Betsy Rock, owner of Overhead Station on Main Street in Rock Hill, holds two pins she made. Rock is selling the pins for $4.
Betsy Rock, owner of Overhead Station on Main Street in Rock Hill, holds two pins she made. Rock is selling the pins for $4. Tracy Kimball

A downtown Rock Hill gift shop has a special item on the shelves this month to support a local children’s advocacy organization.

Betsy Rock, owner of Overhead Station on Main Street, says she was inspired to craft handmade heart-shaped pins to sell for donations after reading a December newspaper column by York Comprehensive High School English teacher Kay McSpadden.

The column detailed the Christmas wish lists compiled by children who live in poverty. McSpadden wrote then: “Not one iPhone or iPad on the list. No Wiis or XBoxes or PlayStations.”

What the children asked for instead were bed sheets. Deodorant. Socks. Books. Toothpaste.

“It stirred my heart,” Rock said.

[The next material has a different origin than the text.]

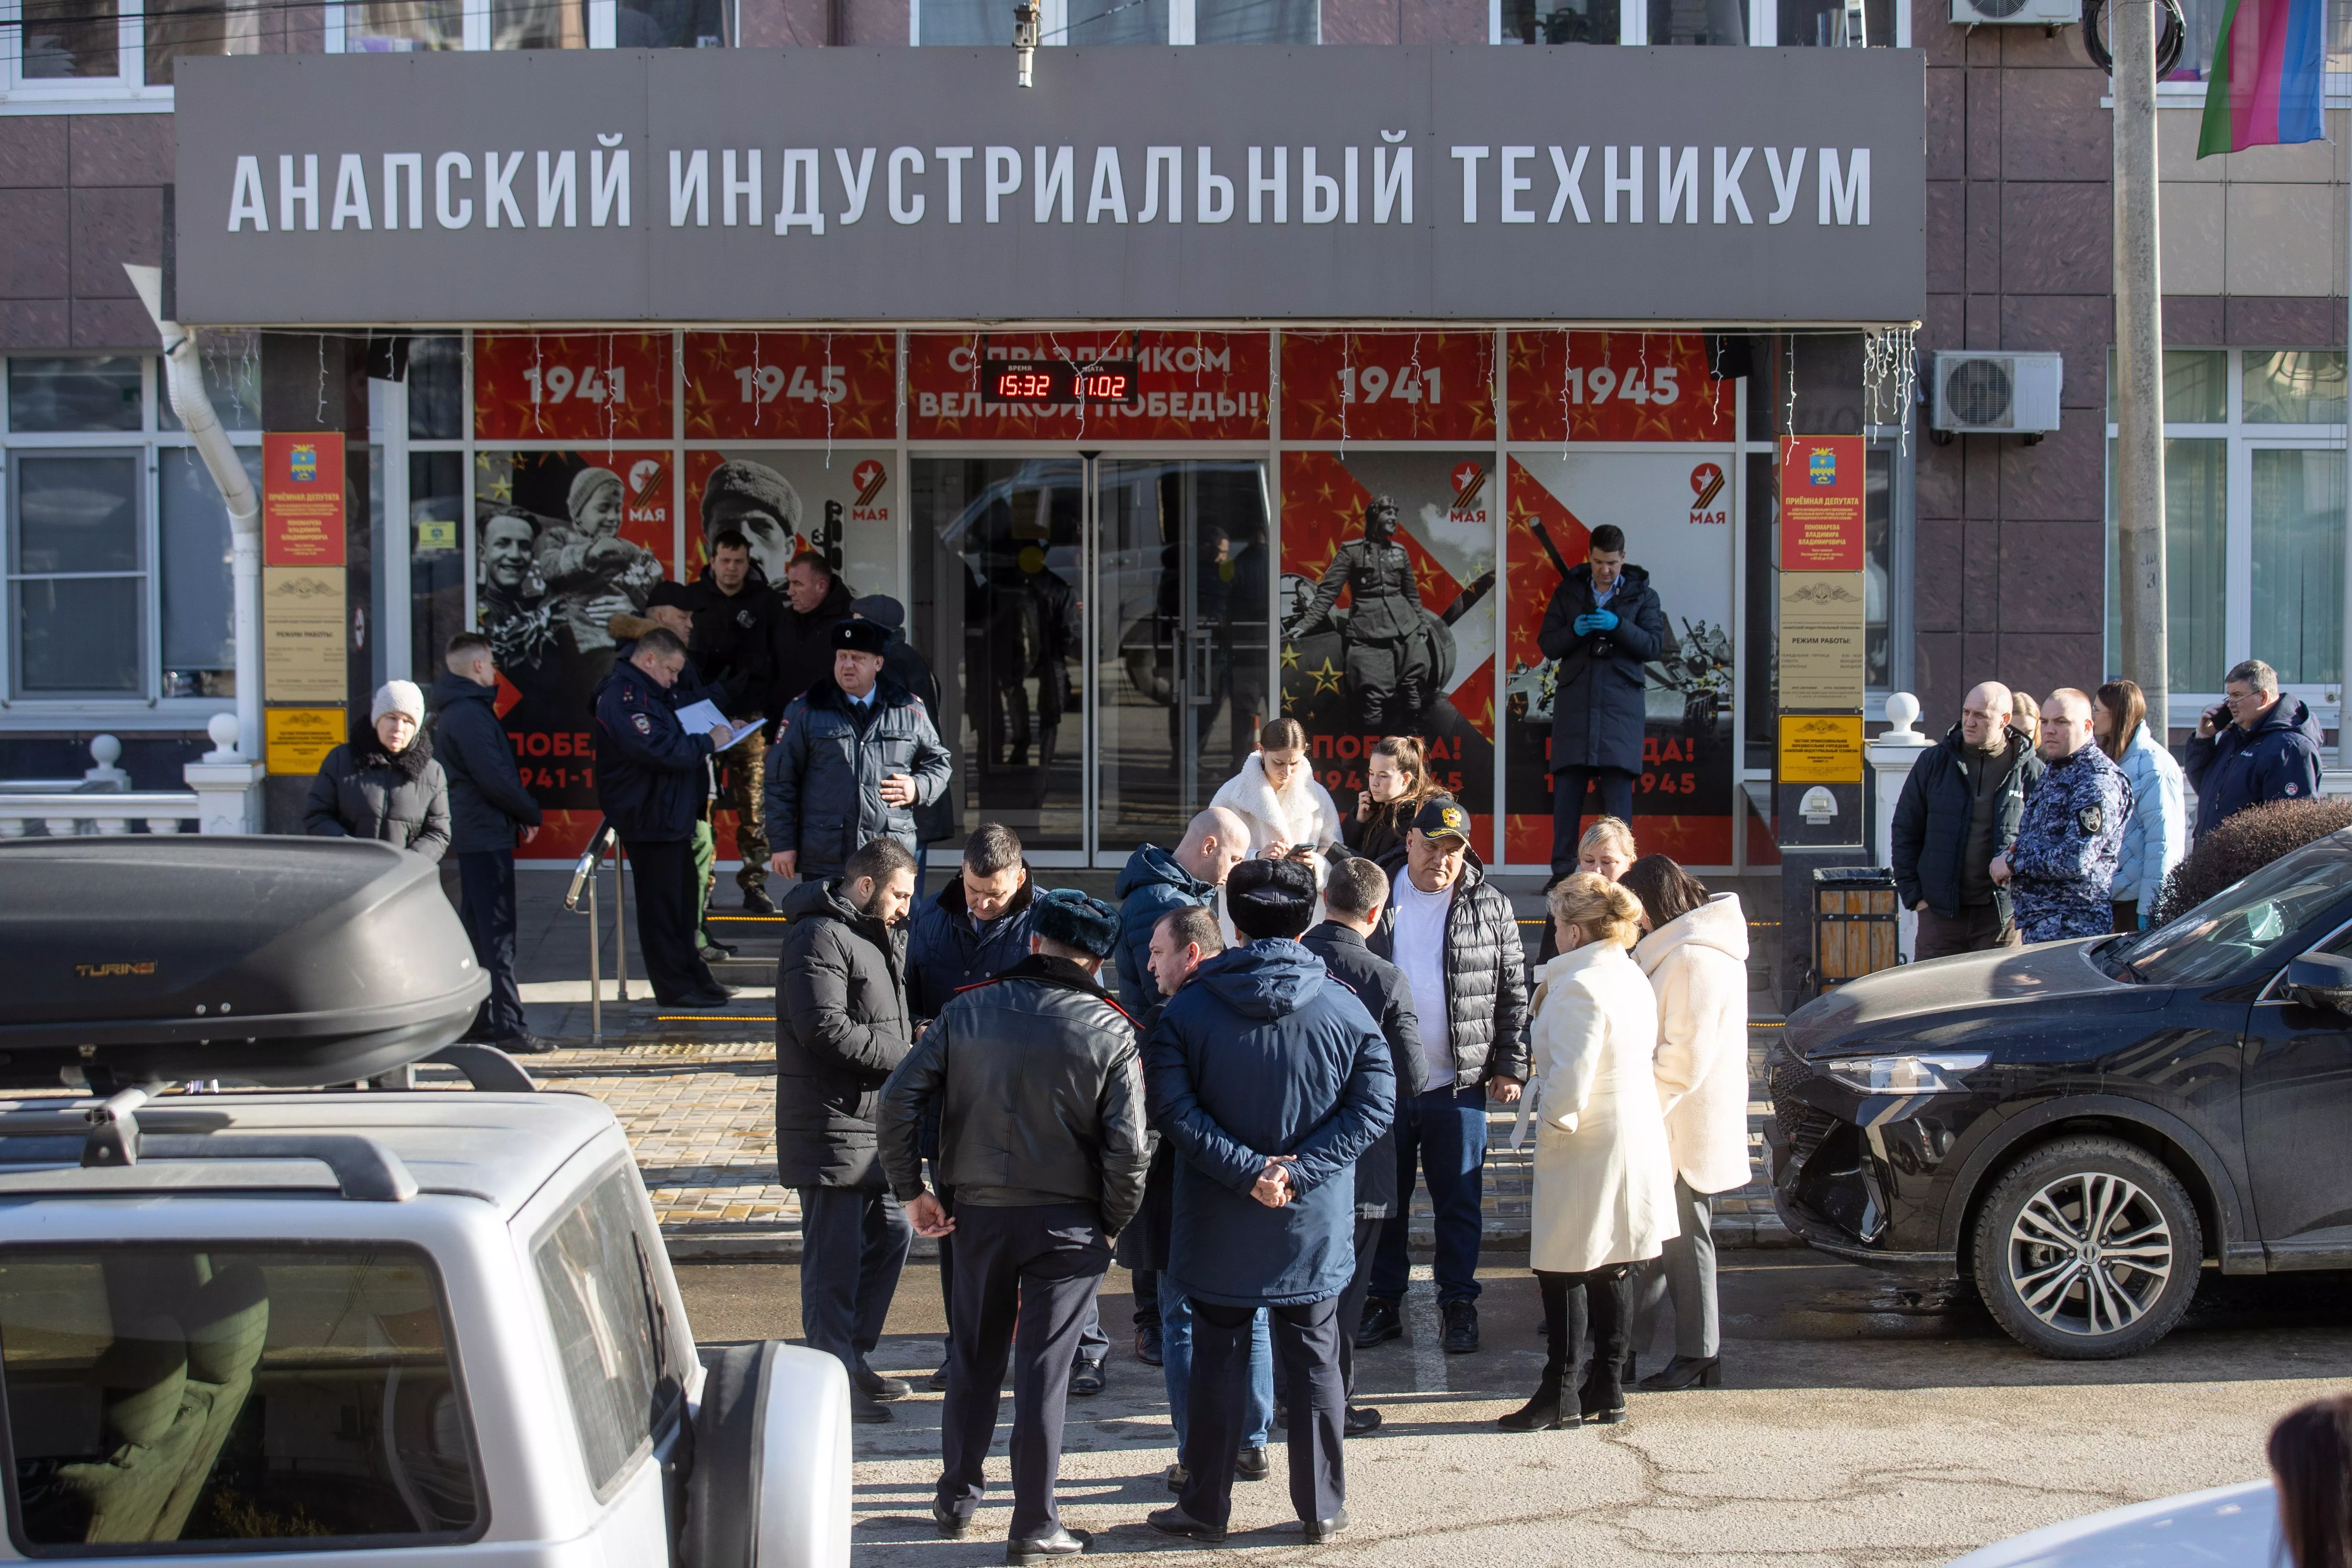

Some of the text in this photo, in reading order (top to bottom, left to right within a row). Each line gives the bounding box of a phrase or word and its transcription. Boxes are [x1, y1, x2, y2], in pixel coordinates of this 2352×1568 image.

Reading McSpadden’s words about the children’s most basic needs – children who were asking for toiletries and simple items instead of toys – was “wrenching,” Rock said.

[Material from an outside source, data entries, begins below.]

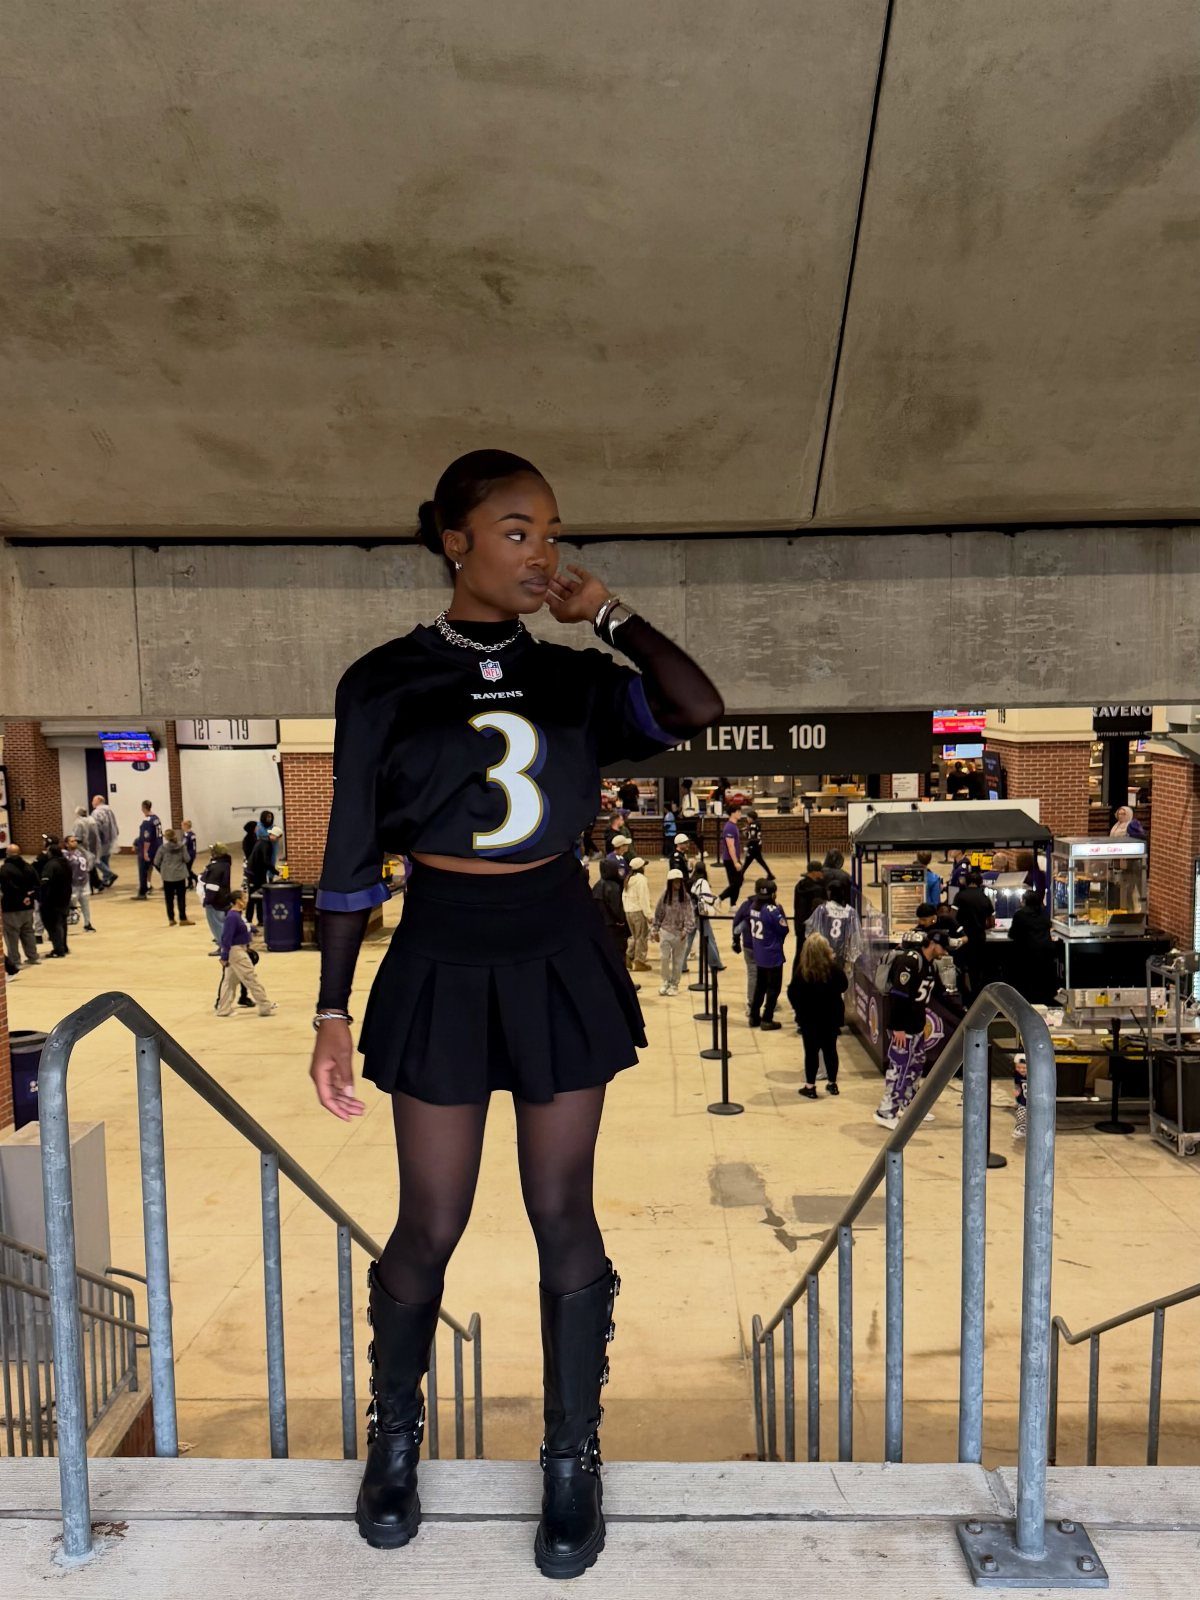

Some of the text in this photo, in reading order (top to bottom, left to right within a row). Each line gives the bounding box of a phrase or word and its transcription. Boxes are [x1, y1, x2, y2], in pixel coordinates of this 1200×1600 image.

[484, 668, 501, 678] NFL
[470, 690, 524, 700] RAVENS
[706, 725, 774, 751] LEVEL
[788, 724, 827, 750] 100
[468, 710, 549, 854] 3
[830, 918, 842, 939] 8

The column was just a glimpse of what teachers see inside the classroom as they try to help children who live in poverty in York County.

McSpadden’s columns regularly appear in The Charlotte Observer and The Herald. A teacher for 38 years, McSpadden, 58, writes about public education funding, economic inequalities affecting families and children, and her experiences in the classroom.

She’s a South Carolina native and holds two degrees from Winthrop University. McSpadden is a National Board Certified English teacher, an award-winning writer and is working on a collection of short stories she hopes to publish. She’s also one of the area’s most visible advocates for children and proper funding for public schools in South Carolina.

Nearly two out of three children McSpadden teaches qualify for free or reduced lunch – an indicator of poverty affecting a majority of the students at York Comprehensive High School. Nationally, estimates put nearly half of all children in public schools needing free or reduced lunch.

Poverty, McSpadden said, has a clear adverse effect on a child’s success in school.

“Research shows us the importance of adequate prenatal monitoring, good nutrition, health care, access to books, safe neighborhoods, secure housing, adults with time and energy to devote to their children’s education – things children in poverty lack.”

McSpadden’s depiction of children living in such circumstances and struggling in school motivated Rock to find a way to help.

Rock is selling the pins at Overhead Station for a donation of $4. She’s already sold more than 50 and says she’s been positively overwhelmed that almost every customer has paid the $4 and then some.

Some people have given $20, even $50, as donations for Rock’s pins. The support, she said, is “heartwarming.”

This weekend, Rock will roll out her clay and make another batch of the decorative pins. She’s nearly sold out of the first batch in the East Main Street store she’s operated for 14 years. Before that, Rock’s store was located a few blocks away on Oakland Avenue for more than 20 years.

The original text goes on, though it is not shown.